- EXERCISE:
Could you transcribe every record below exactly as written, excluding the pictures?

- RAW DATA:
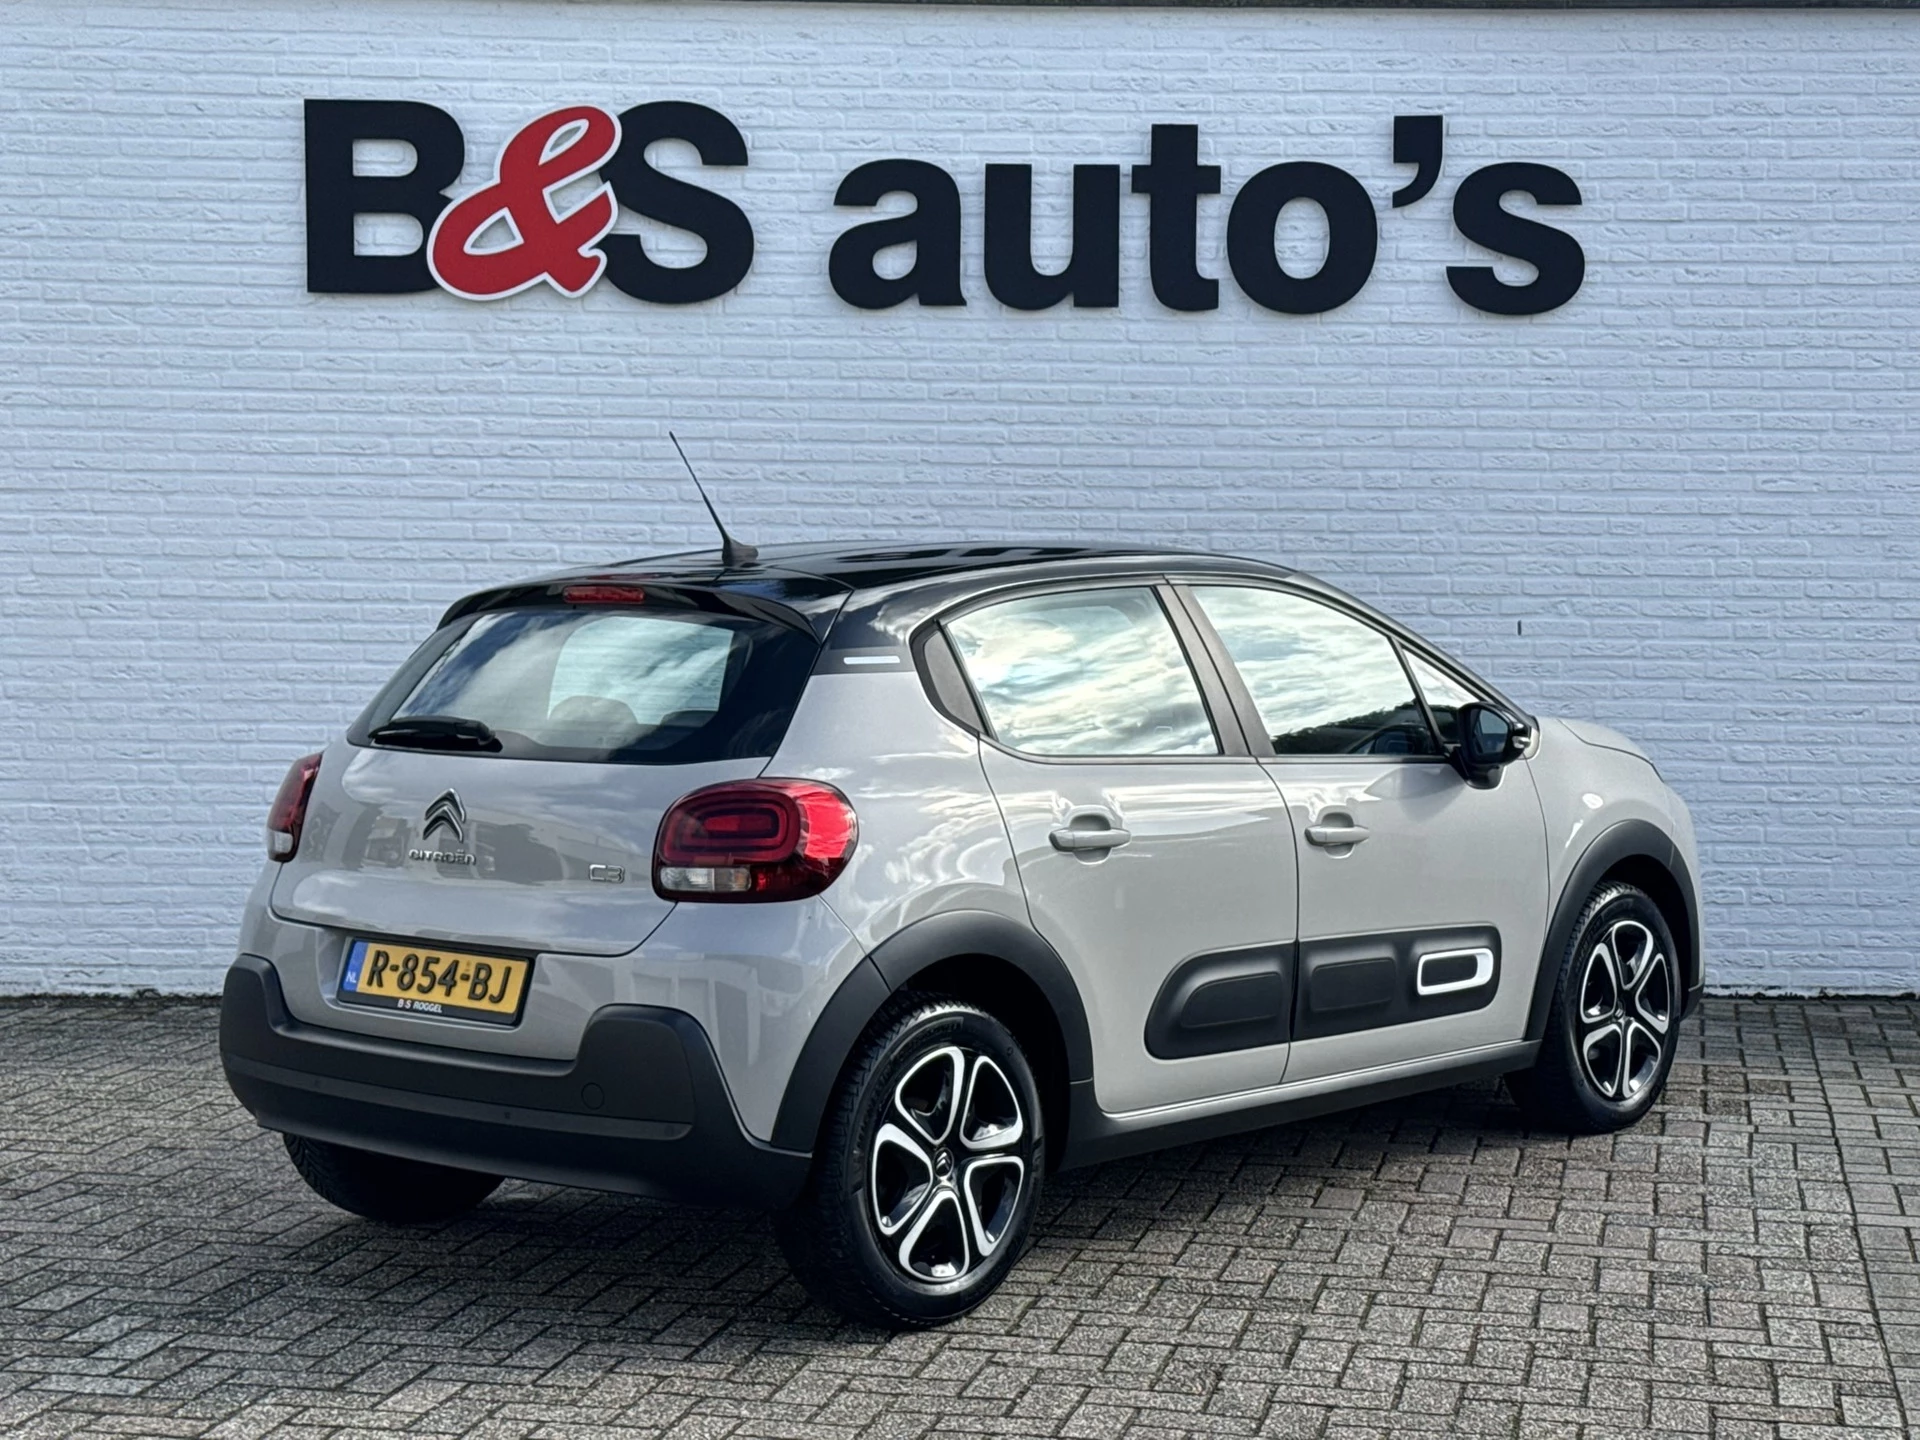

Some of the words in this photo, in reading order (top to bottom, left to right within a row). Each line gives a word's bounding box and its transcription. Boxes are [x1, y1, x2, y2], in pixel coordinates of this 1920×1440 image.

[303, 98, 756, 306] B&S
[828, 114, 1586, 317] auto's
[589, 864, 625, 883] C3
[345, 971, 357, 983] NL
[366, 950, 512, 1004] R-854-BJ
[405, 1000, 412, 1009] S
[412, 1002, 443, 1013] ROGGEL

- RESULT BELOW:
Some of the words in this photo, in reading order (top to bottom, left to right within a row). Each line gives a word's bounding box and its transcription. Boxes are [x1, y1, x2, y2], in pixel coordinates of this 1920×1440 image.

[303, 98, 756, 306] B&S
[828, 114, 1586, 317] auto's
[589, 864, 625, 883] C3
[345, 971, 357, 983] NL
[366, 950, 512, 1004] R-854-BJ
[405, 1000, 412, 1009] S
[412, 1002, 443, 1013] ROGGEL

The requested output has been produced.